Rapidata audience

RapidataAudience #

RapidataAudience(
    id: str,
    name: str,
    filters: list[RapidataFilter],
    openapi_service: OpenAPIService,
)

Represents a Rapidata audience.

An audience is a group of annotators that can be recruited based on example tasks and assigned jobs.

Attributes:

Name	Type	Description
`id`	`str`	The unique identifier of the audience.
`name`	`str`	The name of the audience.
`filters`	`list[RapidataFilter]`	The list of filters applied to the audience.

Source code in src/rapidata/rapidata_client/audience/rapidata_audience.py

def __init__(
    self,
    id: str,
    name: str,
    filters: list[RapidataFilter],
    openapi_service: OpenAPIService,
):
    self.id = id
    self._name = name
    self._filters = filters
    self._openapi_service = openapi_service
    self._example_handler = AudienceExampleHandler(openapi_service, id)
    self._recruiting_started = False

name `property` #

name: str

The name of the audience.

filters `property` #

filters: list[RapidataFilter]

The list of filters applied to the audience.

delete #

delete() -> None

Deletes the audience.

Source code in src/rapidata/rapidata_client/audience/rapidata_audience.py

def delete(self) -> None:
    """Deletes the audience."""
    with tracer.start_as_current_span("RapidataAudience.delete"):
        logger.info("Deleting audience '%s'", self)
        self._openapi_service.audience.audience_api.audience_audience_id_delete(
            self.id
        )
        logger.debug("Audience '%s' has been deleted.", self)
        managed_print(f"Audience '{self}' has been deleted.")

update_filters #

update_filters(
    filters: list[RapidataFilter],
) -> RapidataAudience

Update the filters for this audience.

Parameters:

Name	Type	Description	Default
`filters`	`list[RapidataFilter]`	The new list of filters to apply to the audience.	required

Returns:

Name	Type	Description
`RapidataAudience`	`RapidataAudience`	The updated audience instance (self) for method chaining.

Source code in src/rapidata/rapidata_client/audience/rapidata_audience.py

def update_filters(self, filters: list[RapidataFilter]) -> RapidataAudience:
    """Update the filters for this audience.

    Args:
        filters (list[RapidataFilter]): The new list of filters to apply to the audience.

    Returns:
        RapidataAudience: The updated audience instance (self) for method chaining.
    """
    with tracer.start_as_current_span("RapidataAudience.update_filters"):
        from rapidata.api_client.models.update_audience_endpoint_input import (
            UpdateAudienceEndpointInput,
        )

        logger.debug(f"Updating filters for audience: {self.id} to {filters}")
        self._openapi_service.audience.audience_api.audience_audience_id_patch(
            audience_id=self.id,
            update_audience_endpoint_input=UpdateAudienceEndpointInput(
                filters=[filter._to_audience_model() for filter in filters],
            ),
        )
        self._filters = filters
        return self

update_name #

update_name(name: str) -> RapidataAudience

Update the name of this audience.

Parameters:

Name	Type	Description	Default
`name`	`str`	The new name for the audience.	required

Returns:

Name	Type	Description
`RapidataAudience`	`RapidataAudience`	The updated audience instance (self) for method chaining.
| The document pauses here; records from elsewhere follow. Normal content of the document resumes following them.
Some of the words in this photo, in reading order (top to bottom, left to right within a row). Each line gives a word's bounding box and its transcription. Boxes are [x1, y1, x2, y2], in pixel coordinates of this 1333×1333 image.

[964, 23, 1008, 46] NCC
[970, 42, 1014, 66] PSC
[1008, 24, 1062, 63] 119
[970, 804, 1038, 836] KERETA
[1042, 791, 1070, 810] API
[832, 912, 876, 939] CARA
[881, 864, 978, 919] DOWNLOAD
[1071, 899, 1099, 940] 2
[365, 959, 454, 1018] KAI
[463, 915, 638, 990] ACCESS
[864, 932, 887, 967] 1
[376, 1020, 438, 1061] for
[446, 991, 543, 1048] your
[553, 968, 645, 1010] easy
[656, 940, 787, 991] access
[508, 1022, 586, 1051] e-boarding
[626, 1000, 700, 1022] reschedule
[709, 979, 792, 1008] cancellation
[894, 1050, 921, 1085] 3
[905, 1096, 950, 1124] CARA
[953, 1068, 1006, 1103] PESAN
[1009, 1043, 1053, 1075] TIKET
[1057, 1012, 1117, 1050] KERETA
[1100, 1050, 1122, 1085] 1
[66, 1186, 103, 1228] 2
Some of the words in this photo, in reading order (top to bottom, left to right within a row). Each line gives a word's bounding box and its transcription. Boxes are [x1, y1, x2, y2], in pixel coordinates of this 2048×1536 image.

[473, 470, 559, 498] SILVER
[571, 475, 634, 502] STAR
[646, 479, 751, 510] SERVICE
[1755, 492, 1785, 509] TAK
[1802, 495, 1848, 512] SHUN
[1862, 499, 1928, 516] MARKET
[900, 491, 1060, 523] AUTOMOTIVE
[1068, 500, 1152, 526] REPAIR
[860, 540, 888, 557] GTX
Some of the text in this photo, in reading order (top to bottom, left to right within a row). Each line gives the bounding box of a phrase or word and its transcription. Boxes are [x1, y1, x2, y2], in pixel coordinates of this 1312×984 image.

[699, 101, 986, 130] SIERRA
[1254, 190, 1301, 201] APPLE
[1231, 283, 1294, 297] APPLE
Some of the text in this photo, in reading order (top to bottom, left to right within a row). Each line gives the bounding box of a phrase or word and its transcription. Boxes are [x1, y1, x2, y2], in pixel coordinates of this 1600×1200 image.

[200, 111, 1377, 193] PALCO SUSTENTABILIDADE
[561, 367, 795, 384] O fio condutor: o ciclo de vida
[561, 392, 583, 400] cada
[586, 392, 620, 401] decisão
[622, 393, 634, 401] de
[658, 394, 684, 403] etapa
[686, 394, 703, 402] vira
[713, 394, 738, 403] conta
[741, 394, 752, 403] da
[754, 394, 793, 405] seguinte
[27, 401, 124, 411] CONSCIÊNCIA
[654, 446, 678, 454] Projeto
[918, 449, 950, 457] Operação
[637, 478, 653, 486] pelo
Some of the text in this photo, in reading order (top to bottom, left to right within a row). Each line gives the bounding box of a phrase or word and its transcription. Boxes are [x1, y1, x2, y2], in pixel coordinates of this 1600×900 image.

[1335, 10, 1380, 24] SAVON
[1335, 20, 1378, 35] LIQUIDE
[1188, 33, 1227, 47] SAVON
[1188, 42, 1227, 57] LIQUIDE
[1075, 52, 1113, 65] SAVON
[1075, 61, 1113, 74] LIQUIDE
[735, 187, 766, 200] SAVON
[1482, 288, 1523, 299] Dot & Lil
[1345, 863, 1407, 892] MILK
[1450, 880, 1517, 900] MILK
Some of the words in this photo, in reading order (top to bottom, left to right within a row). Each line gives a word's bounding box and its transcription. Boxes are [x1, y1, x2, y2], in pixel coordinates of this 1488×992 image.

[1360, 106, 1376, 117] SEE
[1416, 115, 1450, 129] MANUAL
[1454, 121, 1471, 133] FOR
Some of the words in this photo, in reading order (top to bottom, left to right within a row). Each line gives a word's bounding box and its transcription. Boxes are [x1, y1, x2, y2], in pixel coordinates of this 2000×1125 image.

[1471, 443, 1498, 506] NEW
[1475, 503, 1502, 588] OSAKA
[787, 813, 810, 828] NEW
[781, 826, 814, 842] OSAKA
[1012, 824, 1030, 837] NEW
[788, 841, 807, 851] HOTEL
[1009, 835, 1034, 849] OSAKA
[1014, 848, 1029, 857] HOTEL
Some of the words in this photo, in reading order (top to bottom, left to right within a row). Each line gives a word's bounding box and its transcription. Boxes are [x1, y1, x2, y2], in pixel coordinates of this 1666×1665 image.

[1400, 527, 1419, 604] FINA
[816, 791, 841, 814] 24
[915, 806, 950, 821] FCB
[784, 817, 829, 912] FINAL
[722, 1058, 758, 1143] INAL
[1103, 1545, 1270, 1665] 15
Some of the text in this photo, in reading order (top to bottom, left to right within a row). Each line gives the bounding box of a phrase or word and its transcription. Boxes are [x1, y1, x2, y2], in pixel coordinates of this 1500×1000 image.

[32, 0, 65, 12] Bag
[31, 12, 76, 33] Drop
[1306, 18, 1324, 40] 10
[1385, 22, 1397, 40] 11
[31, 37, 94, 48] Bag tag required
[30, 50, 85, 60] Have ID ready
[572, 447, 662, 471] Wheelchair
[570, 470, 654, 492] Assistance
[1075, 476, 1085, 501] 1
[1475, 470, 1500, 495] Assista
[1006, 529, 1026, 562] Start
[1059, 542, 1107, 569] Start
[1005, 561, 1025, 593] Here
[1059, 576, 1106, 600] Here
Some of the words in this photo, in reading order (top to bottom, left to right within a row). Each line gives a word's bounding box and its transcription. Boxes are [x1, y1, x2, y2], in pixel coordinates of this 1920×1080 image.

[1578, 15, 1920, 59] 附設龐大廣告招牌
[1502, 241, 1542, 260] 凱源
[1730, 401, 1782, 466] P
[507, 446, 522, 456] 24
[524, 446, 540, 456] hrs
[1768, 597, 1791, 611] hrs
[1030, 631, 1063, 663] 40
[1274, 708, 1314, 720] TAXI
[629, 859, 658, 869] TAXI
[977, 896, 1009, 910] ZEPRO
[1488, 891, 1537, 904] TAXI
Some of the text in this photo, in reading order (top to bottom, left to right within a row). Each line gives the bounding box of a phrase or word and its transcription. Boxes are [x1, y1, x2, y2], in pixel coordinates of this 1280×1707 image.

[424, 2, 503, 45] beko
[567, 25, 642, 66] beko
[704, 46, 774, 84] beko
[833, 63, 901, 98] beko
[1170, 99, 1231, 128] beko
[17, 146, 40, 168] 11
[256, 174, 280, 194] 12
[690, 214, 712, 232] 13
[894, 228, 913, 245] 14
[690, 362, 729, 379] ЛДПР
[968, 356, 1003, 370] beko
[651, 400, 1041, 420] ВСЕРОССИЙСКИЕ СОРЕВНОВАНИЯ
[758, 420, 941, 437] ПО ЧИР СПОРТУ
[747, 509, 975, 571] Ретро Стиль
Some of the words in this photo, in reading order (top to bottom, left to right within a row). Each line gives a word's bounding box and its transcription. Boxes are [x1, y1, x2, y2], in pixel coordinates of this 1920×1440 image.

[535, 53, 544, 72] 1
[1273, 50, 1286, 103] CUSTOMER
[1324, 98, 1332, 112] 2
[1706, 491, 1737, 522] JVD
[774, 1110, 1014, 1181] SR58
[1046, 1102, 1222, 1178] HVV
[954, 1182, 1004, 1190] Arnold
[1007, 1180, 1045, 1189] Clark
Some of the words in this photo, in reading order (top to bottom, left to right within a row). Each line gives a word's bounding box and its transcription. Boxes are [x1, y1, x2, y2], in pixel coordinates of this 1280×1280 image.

Source code in src/rapidata/rapidata_client/audience/rapidata_audience.py

def update_name(self, name: str) -> RapidataAudience:
    """Update the name of this audience.

    Args:
        name (str): The new name for the audience.

    Returns:
        RapidataAudience: The updated audience instance (self) for method chaining.
    """
    with tracer.start_as_current_span("RapidataAudience.update_name"):
        from rapidata.api_client.models.update_audience_endpoint_input import (
            UpdateAudienceEndpointInput,
        )

        logger.debug(f"Updating name for audience: {self.id} to {name}")
        self._openapi_service.audience.audience_api.audience_audience_id_patch(
            audience_id=self.id,
            update_audience_endpoint_input=UpdateAudienceEndpointInput(name=name),
        )
        self._name = name
        return self

assign_job #

assign_job(
    job_definition: RapidataJobDefinition,
) -> RapidataJob

Assign a job to this audience.

Creates a new job instance from the job definition and assigns it to this audience. The job will be executed by the annotators in this audience.

Parameters:

Name	Type	Description	Default
`job_definition`	`JobDefinition`	The job definition to create and assign to the audience.	required

Returns:

Name	Type	Description
`RapidataJob`	`RapidataJob`	The created job instance.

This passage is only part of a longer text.